(Stored data entries)
□ □ □ □ □

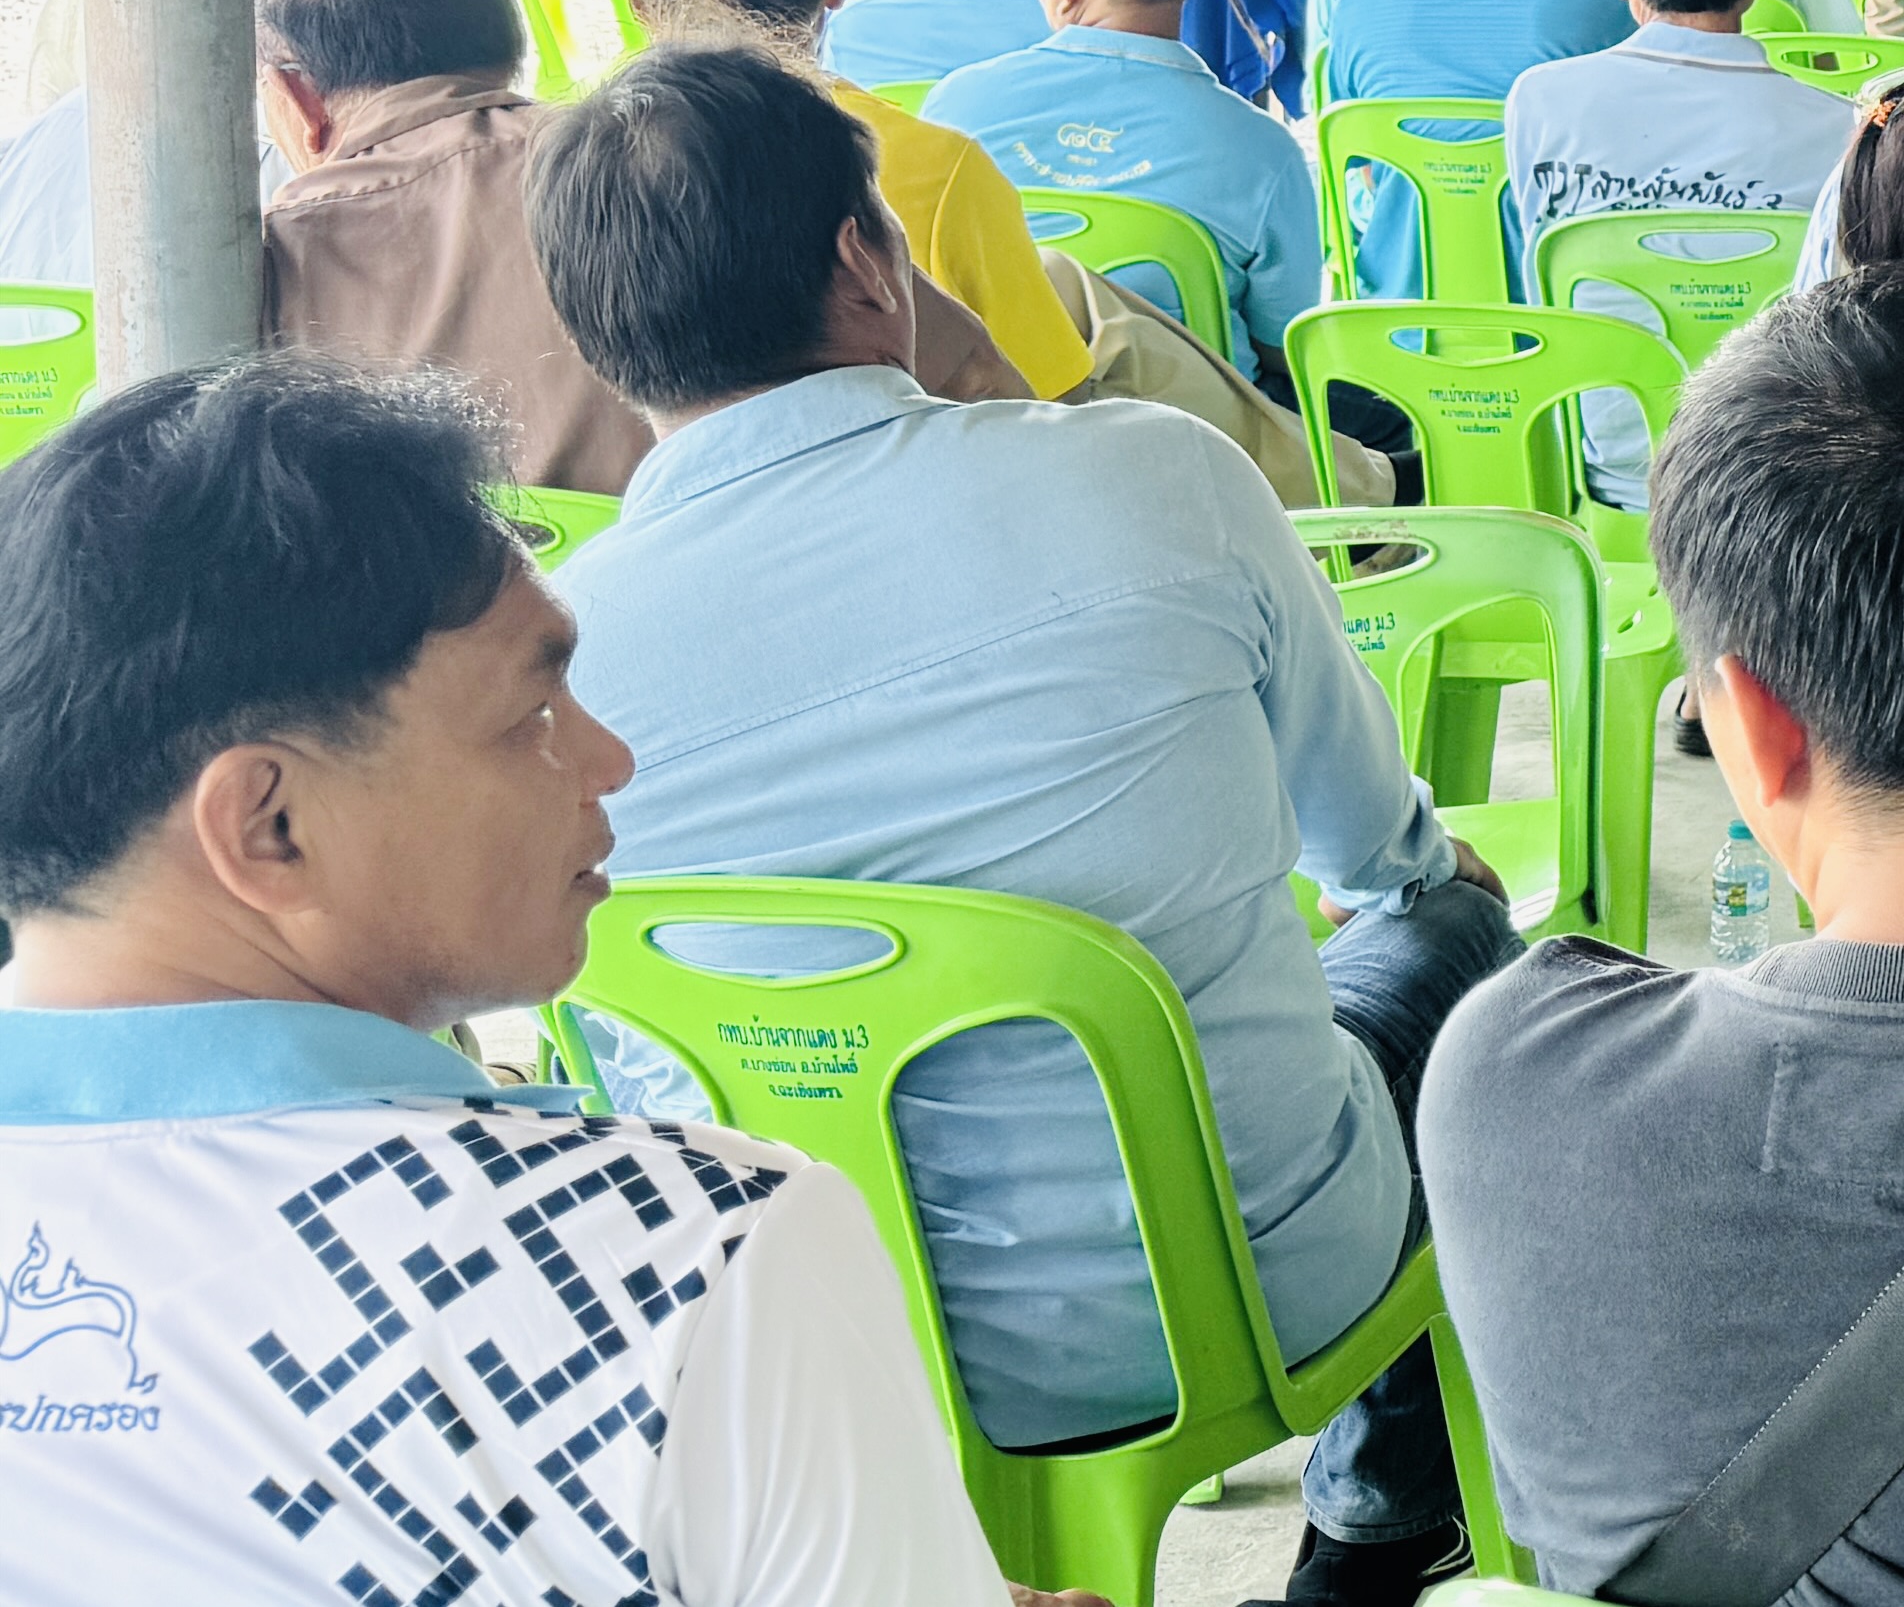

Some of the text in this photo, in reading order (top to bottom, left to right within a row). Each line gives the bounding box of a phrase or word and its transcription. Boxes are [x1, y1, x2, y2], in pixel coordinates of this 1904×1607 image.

[717, 1014, 870, 1049] กทบ.บ้านจากแดง ม.3
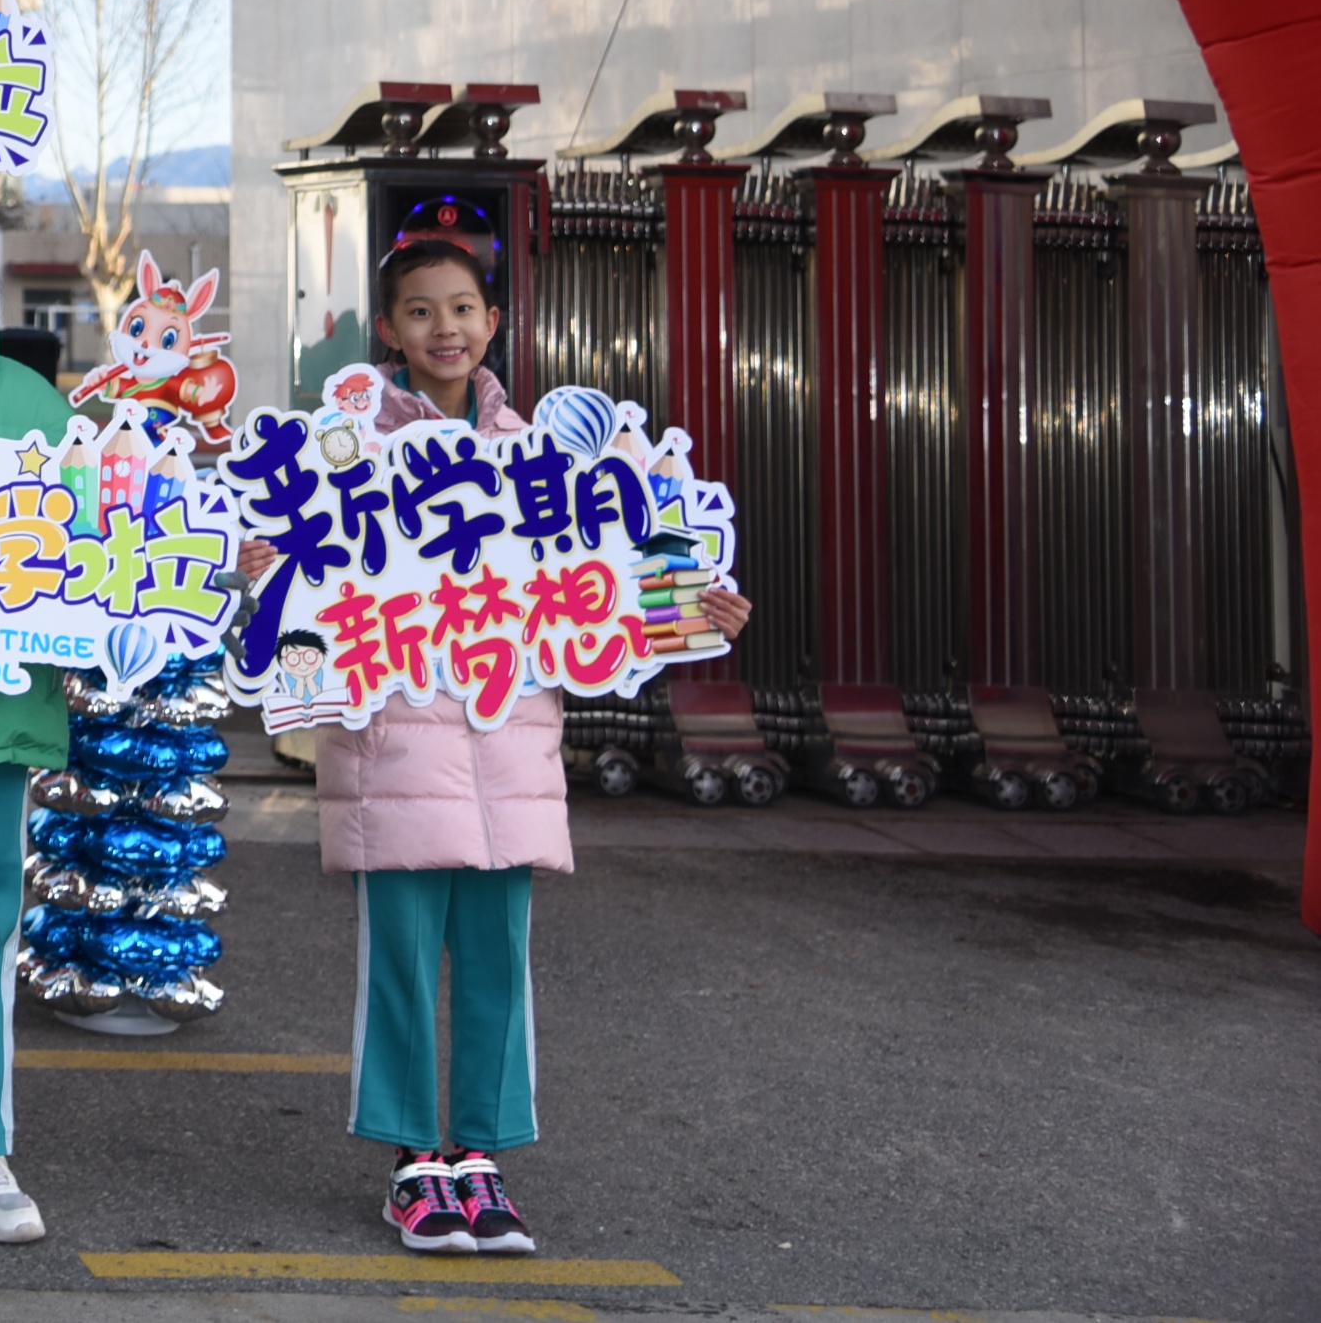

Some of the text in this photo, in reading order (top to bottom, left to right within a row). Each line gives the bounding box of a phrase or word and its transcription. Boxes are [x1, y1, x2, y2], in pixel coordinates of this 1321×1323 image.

[227, 414, 652, 677] 新学期
[317, 561, 653, 719] 新梦想
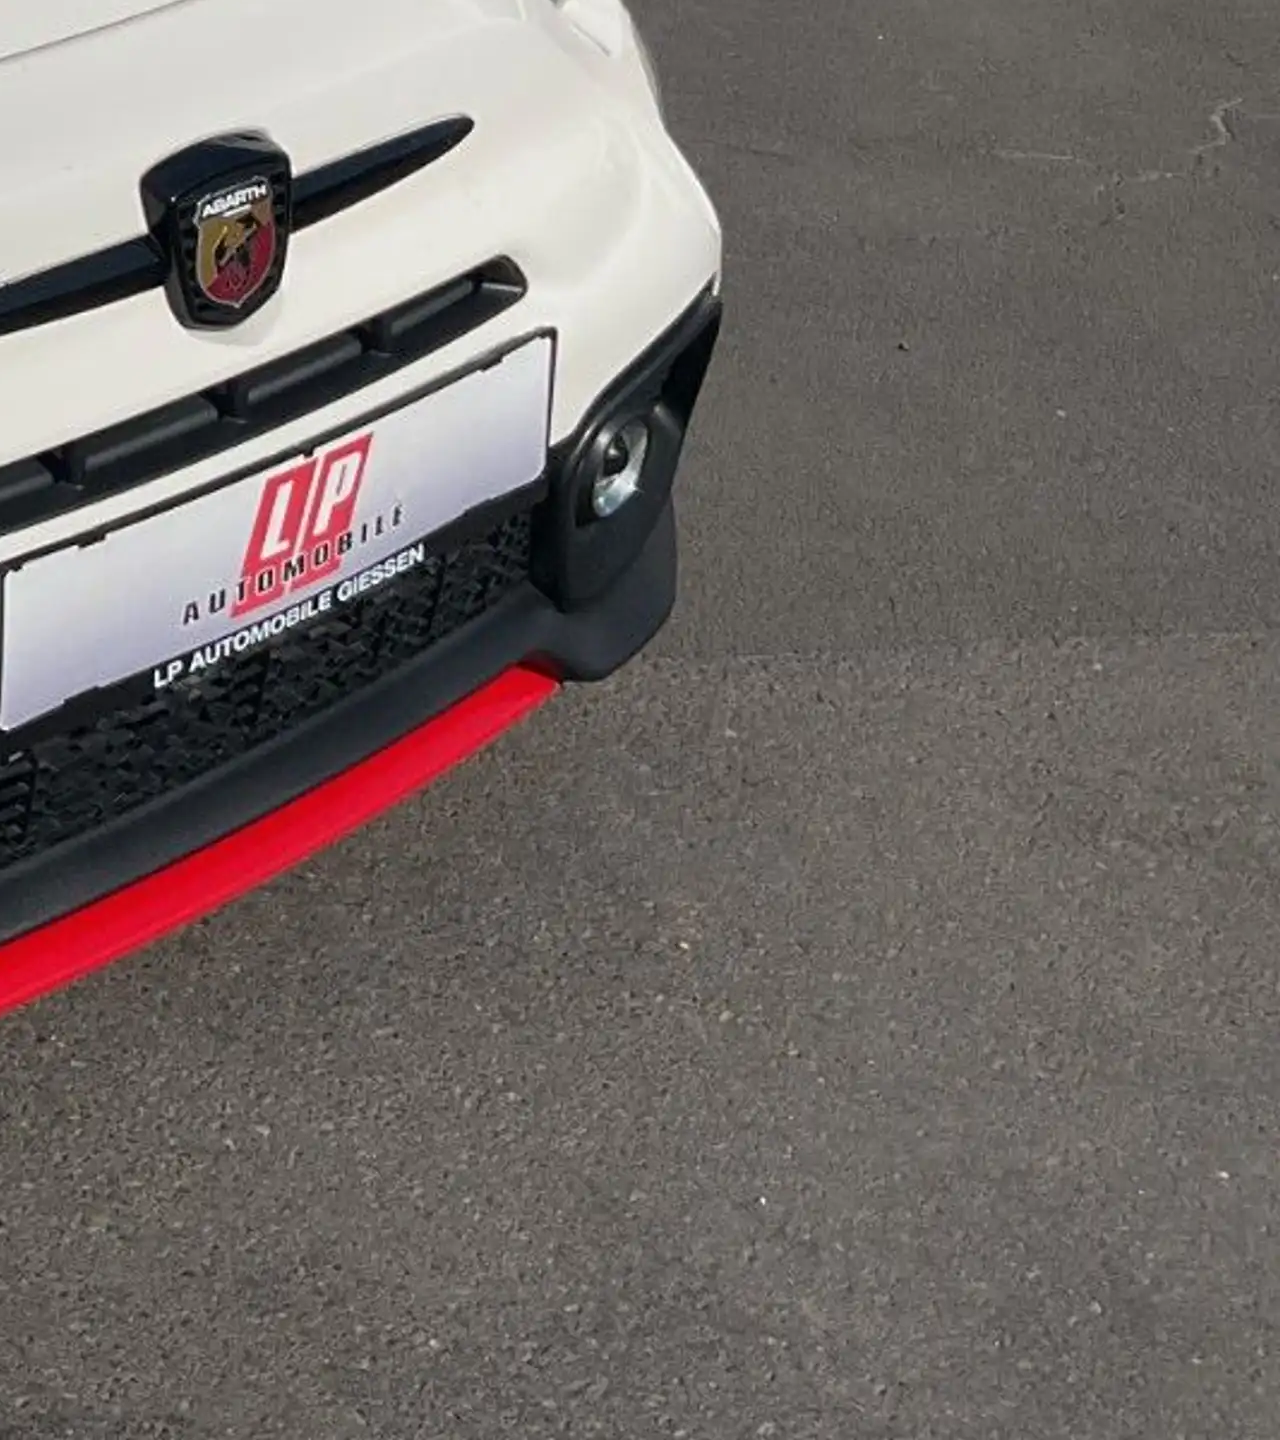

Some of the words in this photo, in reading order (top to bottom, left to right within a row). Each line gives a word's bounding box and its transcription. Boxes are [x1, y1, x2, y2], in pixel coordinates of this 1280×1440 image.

□ □ □ □ □

Assignment: The pictures should be dropped, and every line above should be set down again exactly.

Task output:
Some of the text in this photo, in reading order (top to bottom, left to right within a row). Each line gives the bounding box of a phrase or word and its transcription. Boxes are [x1, y1, x2, y2], in pixel coordinates of this 1904×1607 image.

[717, 1014, 870, 1049] กทบ.บ้านจากแดง ม.3

Some of the text in this photo, in reading order (top to bottom, left to right within a row). Each line gives the bounding box of a phrase or word and its transcription. Boxes are [x1, y1, x2, y2], in pixel coordinates of this 1321×1323 image.

[227, 414, 652, 677] 新学期
[317, 561, 653, 719] 新梦想

Some of the words in this photo, in reading order (top to bottom, left to right within a row). Each line gives a word's bounding box and its transcription. Boxes are [x1, y1, x2, y2], in pixel coordinates of this 1280×1440 image.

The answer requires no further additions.